§ Problem to work on
The reply should hold every record, copied exactly, and none of the pictures.

Phrase grounding data:
━━━━

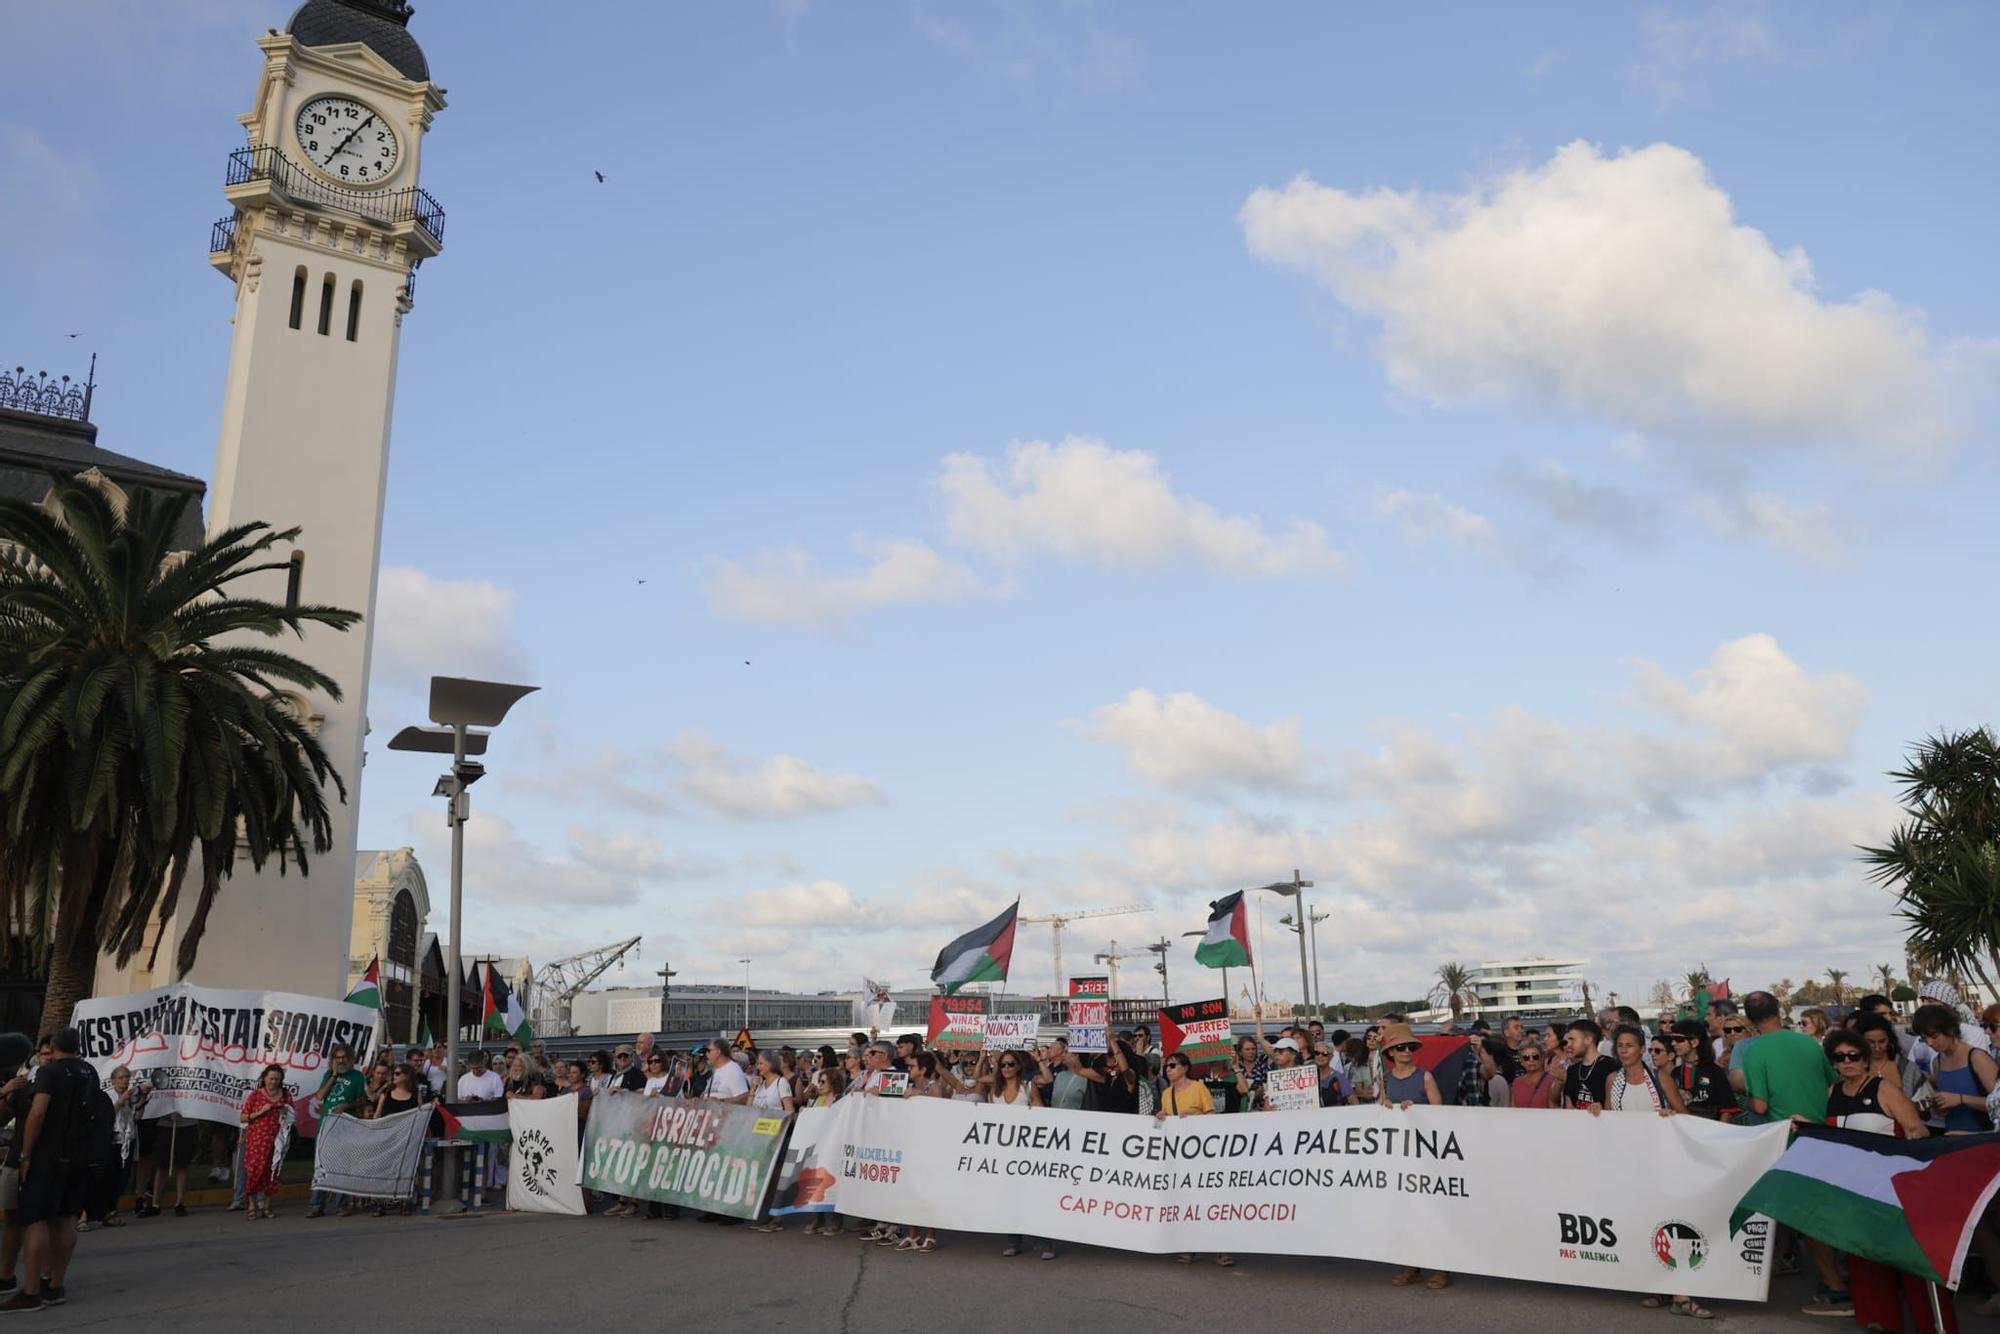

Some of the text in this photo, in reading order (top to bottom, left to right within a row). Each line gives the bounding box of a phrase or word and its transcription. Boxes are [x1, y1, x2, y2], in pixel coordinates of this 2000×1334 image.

[326, 106, 340, 119] 11
[344, 107, 359, 120] 12
[311, 113, 326, 126] 10
[304, 124, 314, 134] 9
[377, 132, 386, 142] 2
[309, 141, 318, 151] 8
[381, 147, 390, 157] 3
[341, 165, 349, 175] 6
[359, 166, 368, 176] 5
[374, 161, 382, 171] 4
[1181, 1002, 1222, 1018] NO SON
[985, 1023, 1019, 1037] NUNCA
[1185, 1020, 1228, 1034] MUERTES
[264, 1009, 374, 1065] SIONISTA
[1200, 1034, 1220, 1043] SON
[651, 1105, 720, 1148] ISRAEL:
[962, 1121, 1465, 1161] ATUREM EL GENOCIDI A PALESTINA
[588, 1136, 760, 1206] STOP GENOCIDI
[845, 1160, 901, 1183] LA MORT
[958, 1156, 972, 1172] FI
[977, 1158, 999, 1174] AL
[1006, 1160, 1083, 1185] COMERÇ
[1089, 1167, 1169, 1191] D'ARMES
[1181, 1172, 1192, 1189] A
[1198, 1171, 1224, 1189] LES
[1228, 1168, 1334, 1188] RELACIONS
[1340, 1169, 1388, 1189] AMB
[1398, 1172, 1469, 1197] ISRAEL
[1060, 1195, 1296, 1223] CAP PORT PER AL GENOCIDI
[1558, 1212, 1618, 1248] BDS

━━━━

§ Task result
Some of the text in this photo, in reading order (top to bottom, left to right within a row). Each line gives the bounding box of a phrase or word and its transcription. Boxes are [x1, y1, x2, y2], in pixel coordinates of this 2000×1334 image.

[326, 106, 340, 119] 11
[344, 107, 359, 120] 12
[311, 113, 326, 126] 10
[304, 124, 314, 134] 9
[377, 132, 386, 142] 2
[309, 141, 318, 151] 8
[381, 147, 390, 157] 3
[341, 165, 349, 175] 6
[359, 166, 368, 176] 5
[374, 161, 382, 171] 4
[1181, 1002, 1222, 1018] NO SON
[985, 1023, 1019, 1037] NUNCA
[1185, 1020, 1228, 1034] MUERTES
[264, 1009, 374, 1065] SIONISTA
[1200, 1034, 1220, 1043] SON
[651, 1105, 720, 1148] ISRAEL:
[962, 1121, 1465, 1161] ATUREM EL GENOCIDI A PALESTINA
[588, 1136, 760, 1206] STOP GENOCIDI
[845, 1160, 901, 1183] LA MORT
[958, 1156, 972, 1172] FI
[977, 1158, 999, 1174] AL
[1006, 1160, 1083, 1185] COMERÇ
[1089, 1167, 1169, 1191] D'ARMES
[1181, 1172, 1192, 1189] A
[1198, 1171, 1224, 1189] LES
[1228, 1168, 1334, 1188] RELACIONS
[1340, 1169, 1388, 1189] AMB
[1398, 1172, 1469, 1197] ISRAEL
[1060, 1195, 1296, 1223] CAP PORT PER AL GENOCIDI
[1558, 1212, 1618, 1248] BDS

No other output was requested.